Выбрать главу

— Эдакие словесные штампы, да?

— Да они даже не заметят, учитывая их состояние. В конце концов, черт побери, ты им ничего не должна. Если уж они так тобой восхищаются, то поймут, что порой тебе нечего сказать, и за это станут тебя еще больше почитать, эти идиоты. Но не мечтай, что от тебя отстанут — они вцепятся в тебя мертвой хваткой и постараются вытащить всю подноготную. У них мозги устроены, как у легавых или учителей. Признайся во всем. Раскрой тему. Говори правду или лги, дорогая, это совершенно не важно. На вопрос, сложно ли рисовать, отвечай «да»; употребляешь ли ты наркотики, говори «да». Отвечать журналисту — это упражнение по мимике со словами. Ты можешь молчать, невнятно мычать или же оскорблять их — тебе все сойдет с рук, потому что ты художница, и к тому же знаменитая. Вернее, почти знаменитая. Все это послужит созданию твоей легенды. Главное, чтобы им было что муссировать в своих газетках, чтобы они смогли исписать целые полосы, демонстрируя свои интеллектуальные способности.

Как всегда, Зорины советы отличались противоречивостью, а их философский смысл сводился к призыву: «Бросай гранату и беги, моя дорогая». Как бы ни была соблазнительна подобная философия, она годилась лишь для тех, кто уже окончательно порвал всякие отношения с обществом, Фио поняла, что ее подруга в свое время натерпелась от журналистов и они были ей явно не по душе. Правда, Зора сталкивалась исключительно с теми из них, кто специализировался на моде и досуге, то есть отнюдь не с лучшими представителями профессии. Критики-искусствоведы это, должно быть, совсем другой уровень.

Чем сильнее сгущалась ночь, тем ярче горели ореолы фонарей. Фио призналась, что ей страшно. В конечном счете все эти люди желали с ней пообщаться, думая, что она поведает им нечто особенное об искусстве, о живописи, об Аберкомбри. Но ведь это не так. Так же, как она всегда стремилась делать хотя бы несколько вдохов в минуту, она остерегалась непреложных истин. Представь, что это просто игра, убеждала ее Зора, игра, и ничего более. Зора даже предложила потренироваться: она будет изображать Фио, а та — журналистку. Зора накинула на плечи скатерть, закутавшись в нее как в плащ, нацепила Фионины солнечные очки и всунула ей в руки бутылку кетчупа, которой надлежало играть роль микрофона. Фио слегка прокашлялась и приступила к интервью.

— Здравствуйте, мадемуазель Регаль. Должна вам сказать, вы бесподобны.

— Знаю, знаю, — перебила Зора презрительно. — Неужели вы пришли только затем, чтобы рассказывать мне то, что я и без вас давно знаю?

— О, извините.
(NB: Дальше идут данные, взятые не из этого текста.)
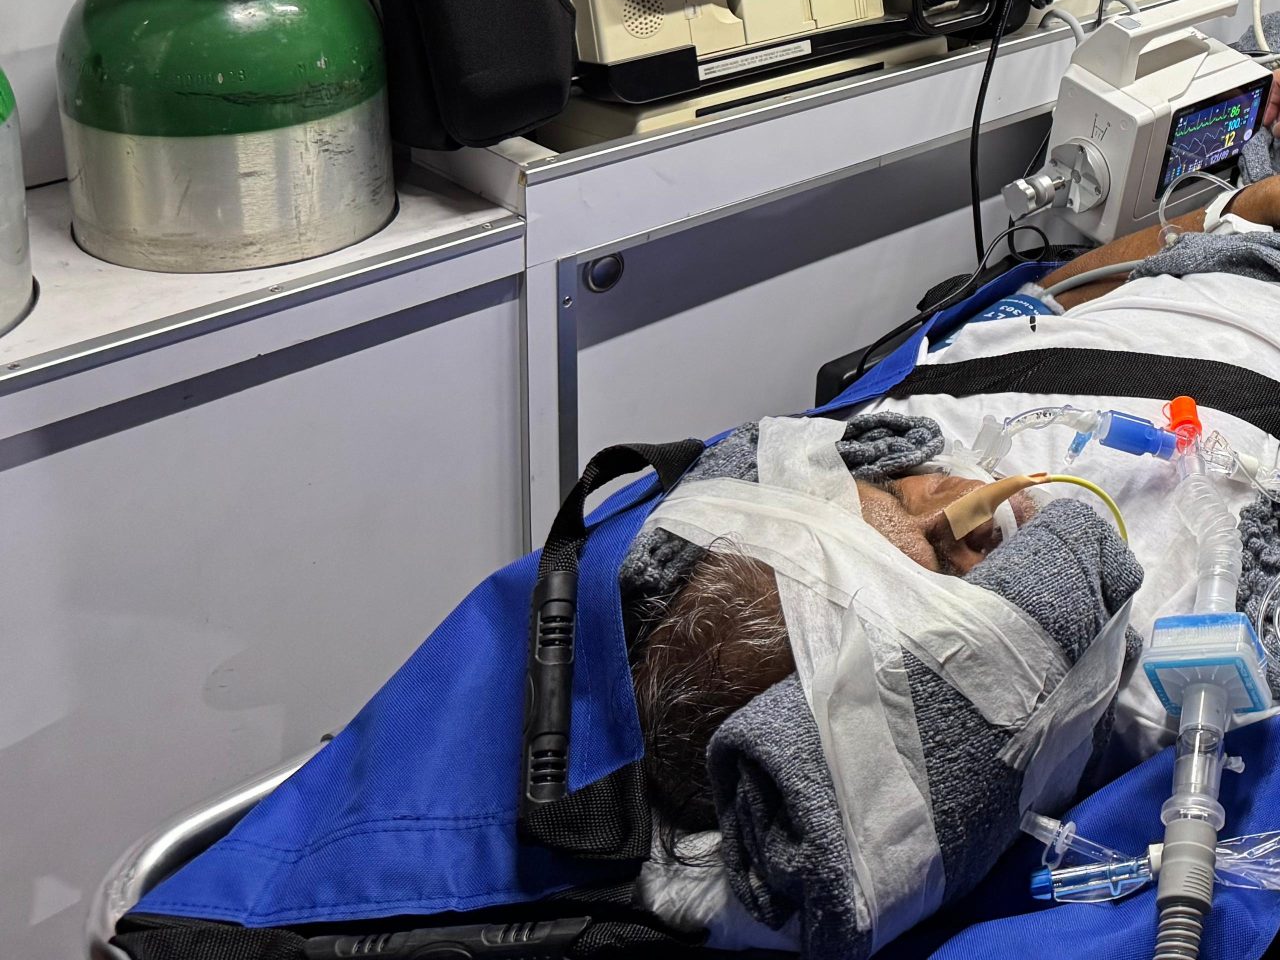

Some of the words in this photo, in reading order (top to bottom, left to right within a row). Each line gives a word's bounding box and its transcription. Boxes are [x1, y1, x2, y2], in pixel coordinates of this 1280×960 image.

[1230, 104, 1241, 117] 86
[1227, 117, 1241, 132] 100
[1224, 131, 1236, 148] 12
Посмотрим, посмотрим… Вы как женщина и как художник, что вы можете сказать о смерти?

— Не слишком много, — бесцеремонно ответила Зора.

— Чем для вас является искусство?

— Мои представления об искусстве не имеют значения и наверняка ложны. Единственный важный вопрос заключается в том, что сам художник представляет собой с точки зрения искусства.

— Что вы думаете о других современных художниках?

— Ничего. Мне интересны только те художники, которых уже нет в живых. Смерть — выпускной экзамен для художника, защита диплома. Она одна позволяет опознать гения. Хороший художник — это мертвый художник. Лишь великие творцы по-настоящему уходят на тот свет, тогда как для всех остальных, претендентов на бессмертие, смерть просто остановка дыхания и сердца.

— Верите ли вы в Бога?

— Да, но не верю в Небеса.

— У меня никогда так не получится, — сказала Фио.

Всякий бывает мастак в деле, которое его не касается: Зора давала блистательные и парадоксальные ответы, но ведь картины-то были не ее.

На следующий день Фио в сопровождении Шарля Фольке отправилась в банкетный зал знаменитого ресторана на бульваре Монпарнас, куда захаживали Пикассо и некоторые другие важные особы. Заведение являлось местом паломничества обеспеченной богемы. Усаживаясь в старые кресла, они воображали себя преемниками своих прославленных предшественников, но ореол окружал только их задницы. По дороге Фио поделилась своими тревогами с Шарлем Фольке. Он успокоил ее, посоветовав не волноваться и просто оставаться самой собой. Но именно это ей никак не удавалось.

Журналисты встретили ее восторгами, почтением и сиянием таких доброжелательных улыбок и горящих глаз, каких она явно не заслуживала. Шарль Фольке представил ей по очереди всех журналистов. Их имена, летевшие к ее ногам, как букеты цветов, совершенно не задерживались в ее голове. В искренней внимательности и заинтересованности окружавших людей ей слышались отголоски кровожадной войны.